Next, both the modularity (M) and module imbalance (MI) are calculated on data set (step 110), with such calculations occurring as discussed above. The resulting M and MI values are compared to their selected thresholds (e.g., M(t)=0.3; MI(t)=0.5), which are input in the computer system 15 at steps 102 and 104) to test if the calculated values are both above the respective thresholds (step 112). If either is below the selected thresholds, then the process repeats and the SNP with the lowest CI ranking (i.e., the SNP with the highest CI value from step 108) is removed from the data set (step 122). Additionally removed from the data set are any subjects who no longer have any connection to the remaining SNPs (i.e., “disconnected subjects”). As these subjects had connections only to the removed SNPs which are relatively non-discriminatory between the cases and controls, the disconnected subjects do not contain the requisite information to decipher the mechanisms involved in the disease.

With this lowest-ranked SNP and disconnected subjects removed, the algorithm 100 returns to step 110 to recalculate M and MI on the now-smaller data set, and once again the M and MI values are compared to their thresholds (step 112). If either threshold is not met, the now lowest-ranked SNP (i.e., the second-lowest-ranked SNP as originally ranked) is removed along with any disconnected subjects (122), and so on until the thresholds for M and MI are met.

The SNP removal step 122 is described above as removing one SNP at a time, but the removals can be alternatively or additionally be performed by removing groups of less significant SNPs in sets (3, 5, 10, etc., at a time) or by using significance cut-offs (e.g., removal of all SNPs with CI greater than 0.00005 or 5×10⁻⁵). In some embodiments, the removal steps can be conducted in a narrowing fashion such that the groups of deleted SNPs become smaller as the threshold values are approached.

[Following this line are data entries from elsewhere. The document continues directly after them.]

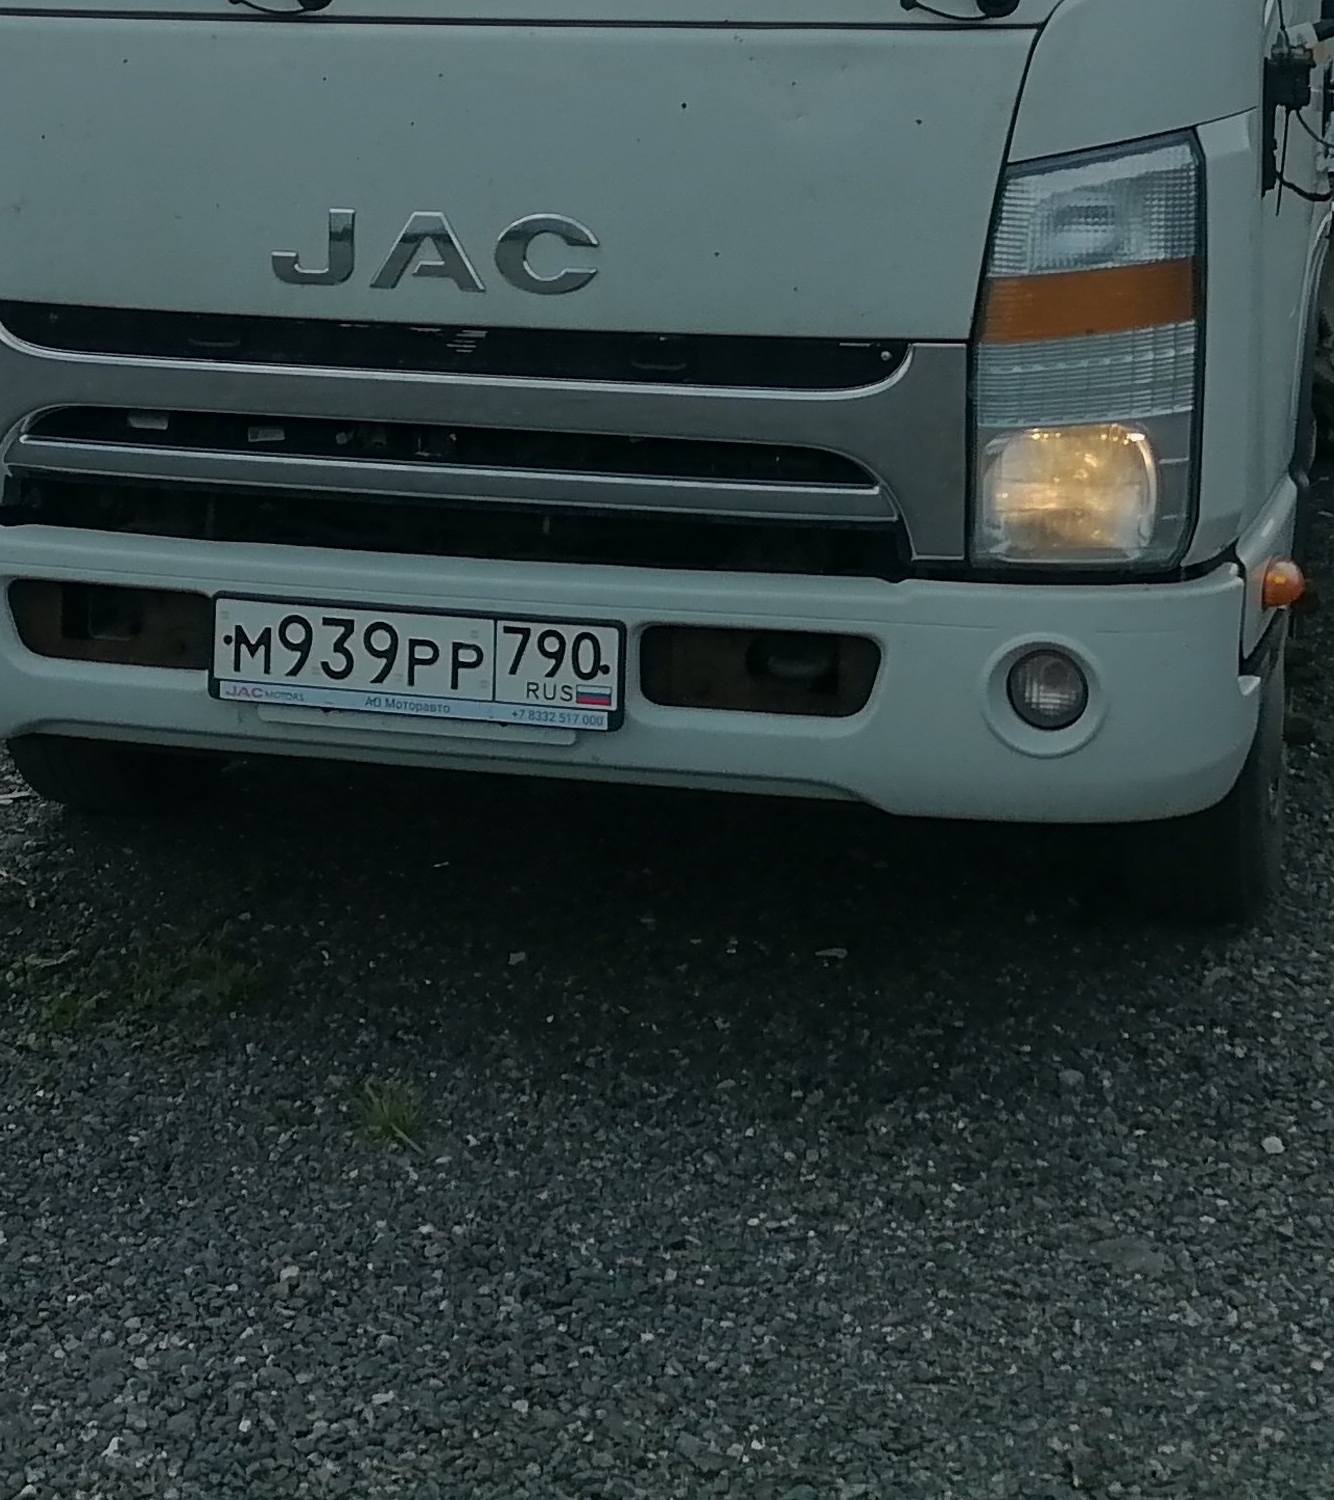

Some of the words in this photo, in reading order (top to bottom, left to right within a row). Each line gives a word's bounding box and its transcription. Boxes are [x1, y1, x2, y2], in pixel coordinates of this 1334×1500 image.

[271, 208, 599, 296] JAC
[503, 626, 602, 681] 790
[225, 685, 263, 699] JAC
[527, 682, 573, 702] RUS
[385, 698, 451, 714] Моторавто
[512, 709, 525, 719] +7
[528, 710, 556, 722] 8332
[559, 713, 579, 724] 517
[582, 714, 604, 727] 000

Once the thresholds are met (step 112), the remaining data set is processed with a force-directed algorithm (step 114) to generate a displayable network in an output device 40 (e.g., display or printer) as described earlier (step 120). In addition, the network data is stored in the computer system 15 along with other parameters including, e.g., the CI, M, and MI values, the number of disconnected subjects, and/or the number of SNPs remaining in the data set (step 116),

It can be assumed at this point that the resulting network may reveal associations of interest for a researcher to review. However, even more relevant associations may start to occur as more and more SNPs are removed, and so as shown in FIG. 3, the algorithm can continue removing SNPs and disconnected subjects (122), recalculating M and MI (110), and comparing the thresholds (112). If both thresholds are met again in the shrinking data set, the network can again be generated by the force-directed algorithm (114), stored (116), and outputted (120).

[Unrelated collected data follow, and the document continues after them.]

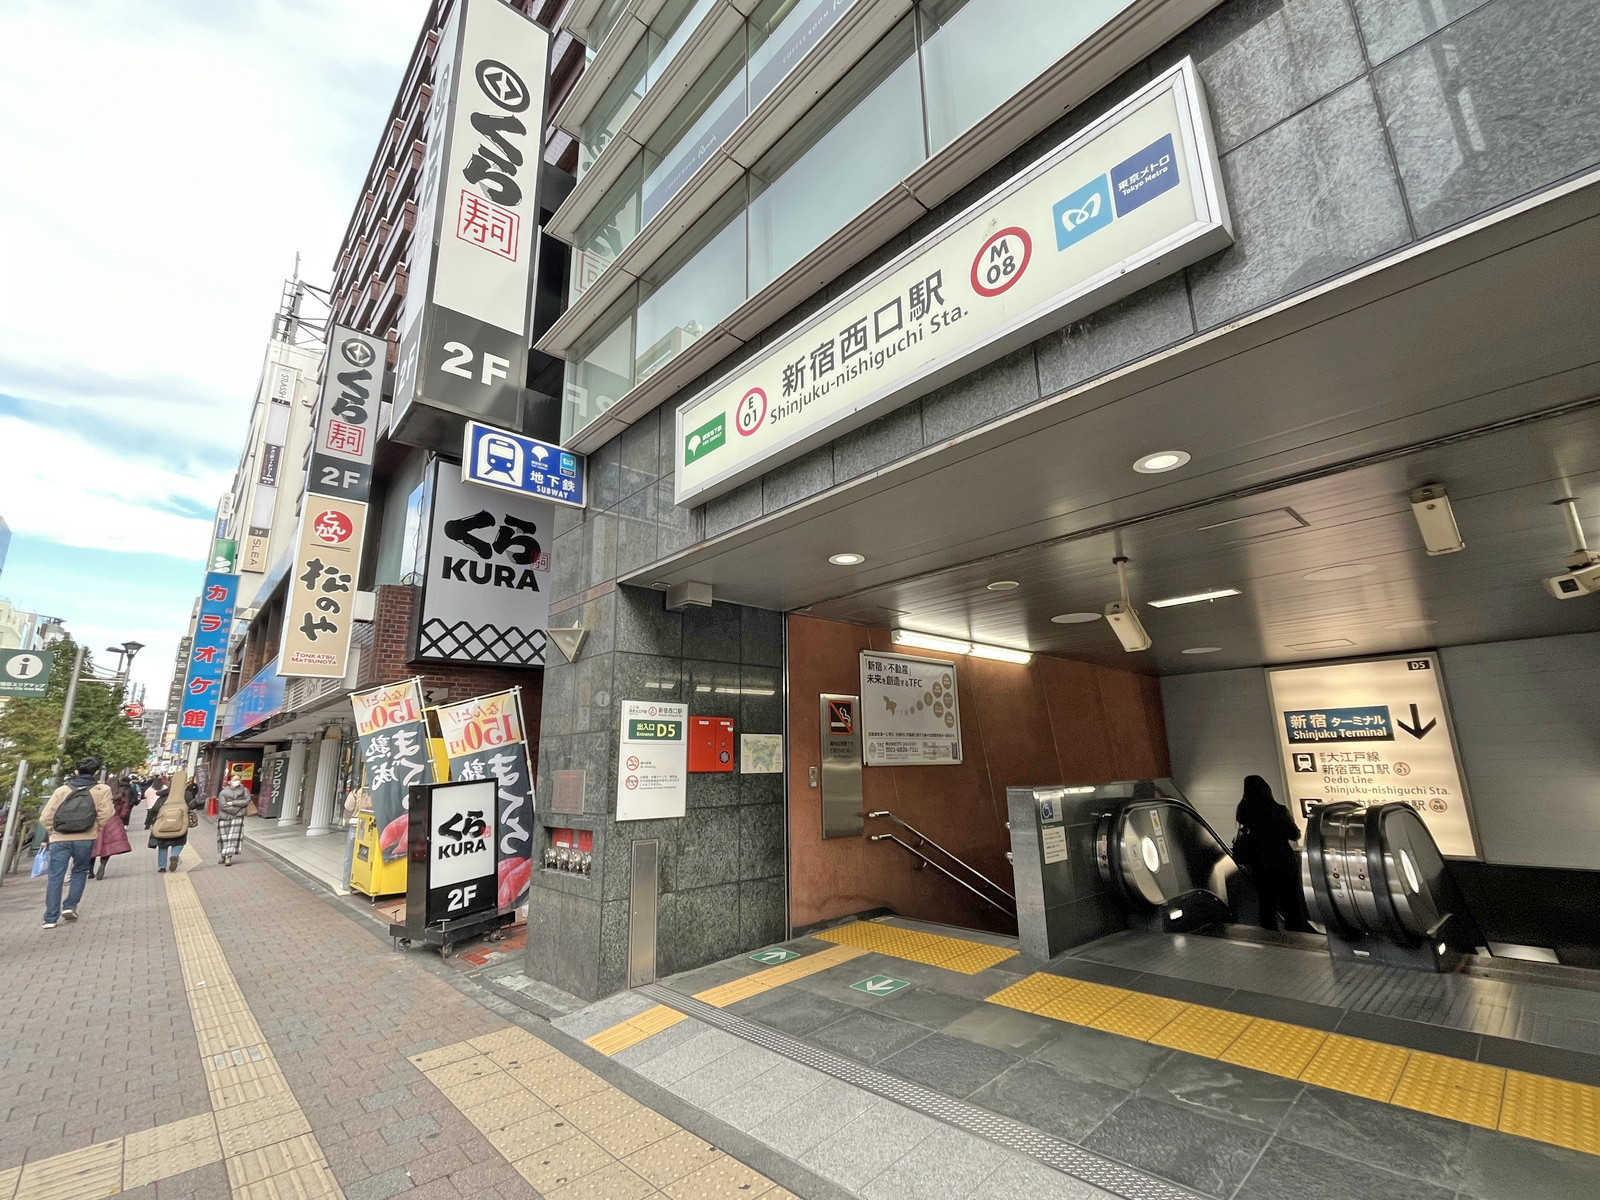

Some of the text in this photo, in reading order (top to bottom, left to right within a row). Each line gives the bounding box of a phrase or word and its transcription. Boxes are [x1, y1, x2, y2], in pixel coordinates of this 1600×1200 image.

[462, 111, 527, 207] くら
[1118, 154, 1170, 191] 東京メトロ
[1122, 166, 1169, 198] Tokyo Metro
[463, 198, 514, 256] 寿司
[989, 239, 1010, 263] M
[986, 255, 1016, 285] 08
[782, 269, 945, 398] 新宿西口駅
[440, 340, 511, 387] 2F
[770, 306, 968, 424] Shinjuku-nishiguchi Sta.
[331, 368, 373, 425] くら
[748, 396, 755, 410] E
[744, 409, 757, 427] 01
[330, 421, 363, 452] 寿司
[319, 466, 362, 489] 2F
[530, 470, 575, 492] 地下鉄
[536, 485, 568, 499] SUBWAY
[443, 509, 541, 566] くら
[442, 556, 540, 593] KURA
[300, 558, 352, 641] 松のや
[182, 585, 228, 728] カラオケ館
[291, 657, 337, 665] MATSUNOYA
[295, 652, 336, 660] TONKATSU
[1411, 661, 1426, 670] D5
[636, 723, 655, 731] 出入口
[656, 723, 676, 737] D5
[1293, 727, 1388, 741] Shinjuku Terminal
[1321, 764, 1391, 775] 新宿西口駅
[1324, 776, 1373, 784] Oedo Line
[1324, 785, 1451, 796] Shinjuku-nishiguchi Sta.
[438, 810, 487, 841] くら
[438, 838, 487, 860] KURA
[447, 884, 478, 912] 2F
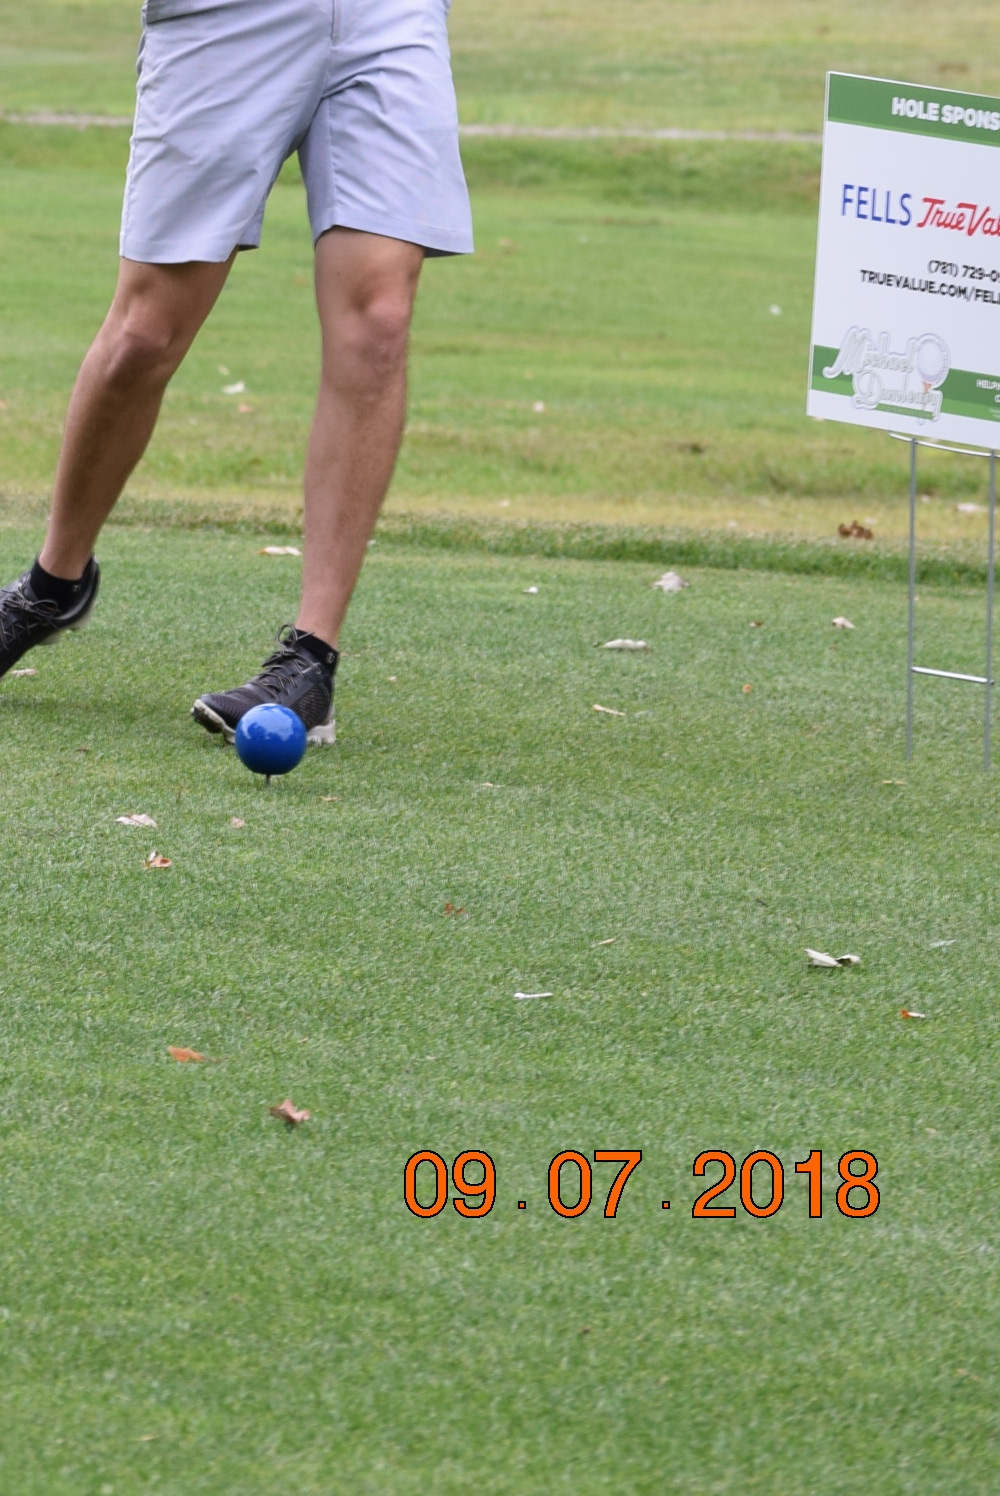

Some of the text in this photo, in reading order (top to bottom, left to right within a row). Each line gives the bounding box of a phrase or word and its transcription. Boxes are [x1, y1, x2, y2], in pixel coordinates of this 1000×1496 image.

[891, 97, 940, 122] HOLE
[841, 183, 1000, 237] FELLS TrueVa

FIGS. 5A-5C illustrate progressive operation of the algorithm 100 as SNPs are removed from the network 10 and the raw data 20 shown in FIGS. 1A and 1B. In FIG. 5A, the algorithm 100 has progressed to the point where all SNPs with CI values greater than 5×10⁻⁵have been removed, which in the example data shown equates to the 38-most-relevant SNPs remaining (That is, 62 SNPs and their disconnected subjects have been removed in step 122). The resulting network 10a doesn't visually indicate a high degree of modularity at this stage, let alone any potential module imbalance. This is reflected in the low values for M (0.315) and MI (0.375) for network 10a, i.e., not very substantial modularity or module imbalance.

In FIG. 5B, the algorithm 100 has progressed to the stage where all SNPs with CI values greater than 5×10⁻⁶have been removed, which in the example data shown equates to the 8-most-relevant SNPs remaining (That is, 92 SNPs and their disconnected subjects have been removed in step 122). The resulting network 10b at this point is starting to indicate some clustering, and even qualitatively it can be noticed that some of the modules are starting to show a predominance of cases (on the left) or controls (on the right). This is reflected in the increased values for the M (0.620) and MI (0.519) for network 10b, both substantially high values compared to the thresholds discussed earlier.

When coupled with the layout generated by the force-directed algorithm, further important insights are derived from the network 10b of FIG. 5B, particularly concerning the relationship between the SNPs. Note for example that the modules in the middle predominantly consist of controls, which are related to six SNPs: rs3732443, rs7964760, rs11229192, rs3007246, rs17048190, and rs188429. This suggests that these six SNPs may bear some relationship to each other, and may operate in coordination in the disease being modeled in the network 10b. Notice that this fact is revealed even though these six SNPs were only the third to eighth most-seemingly relevant for consideration pursuant to the CI ranking provided by the prior art (see FIG. 2B). Because this prior art technique does not assess relationships between biomarkers, and cannot simultaneously reveal relationships between biomarkers and the subpopulations of subjects, the potential relevance of these six SNPs interacting with each other in a complex biological mechanism might be overlooked.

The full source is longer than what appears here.